- [Exercise]: Line by line, copy out the entries exactly and leave the pictures behind.

#### Available data

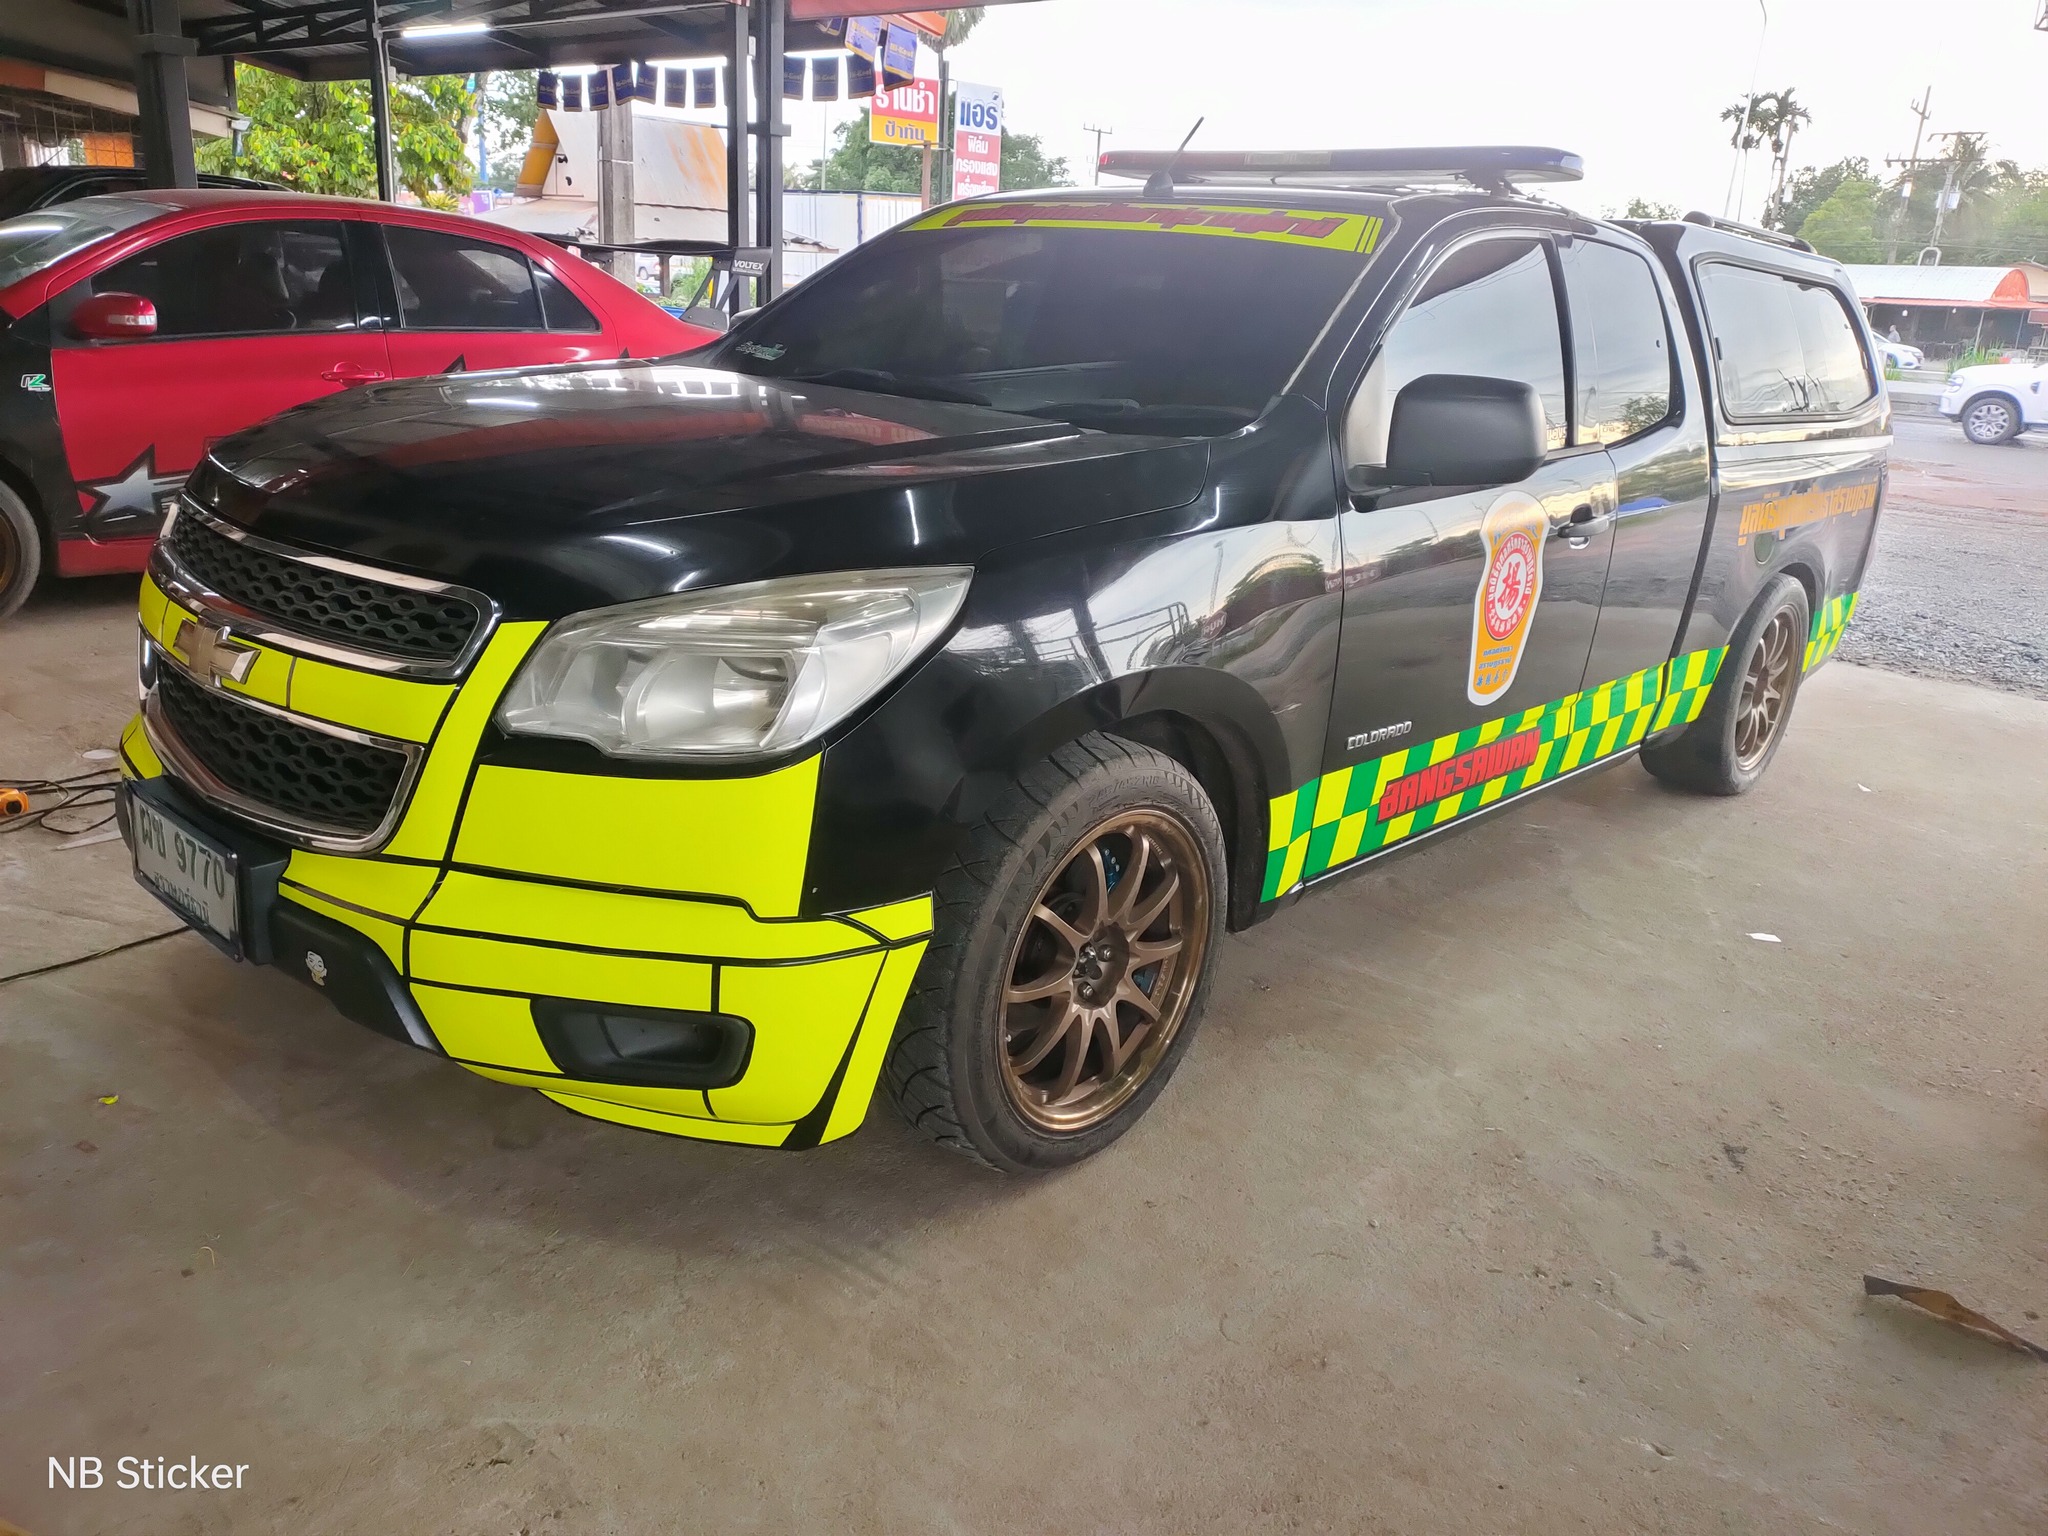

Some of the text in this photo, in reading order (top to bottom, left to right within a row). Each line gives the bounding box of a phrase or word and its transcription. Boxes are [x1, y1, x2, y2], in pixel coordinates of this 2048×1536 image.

[875, 82, 935, 115] รานชำ
[960, 91, 999, 130] แอร์
[956, 158, 998, 176] กรองแสง
[733, 260, 765, 270] VOLTEX
[1347, 721, 1412, 750] COLORADO
[1377, 729, 1541, 822] BANGSAWAN
[174, 831, 225, 900] 9770

########

- [Solution for this problem]:
Some of the text in this photo, in reading order (top to bottom, left to right within a row). Each line gives the bounding box of a phrase or word and its transcription. Boxes are [x1, y1, x2, y2], in pixel coordinates of this 2048×1536 image.

[875, 82, 935, 115] รานชำ
[960, 91, 999, 130] แอร์
[956, 158, 998, 176] กรองแสง
[733, 260, 765, 270] VOLTEX
[1347, 721, 1412, 750] COLORADO
[1377, 729, 1541, 822] BANGSAWAN
[174, 831, 225, 900] 9770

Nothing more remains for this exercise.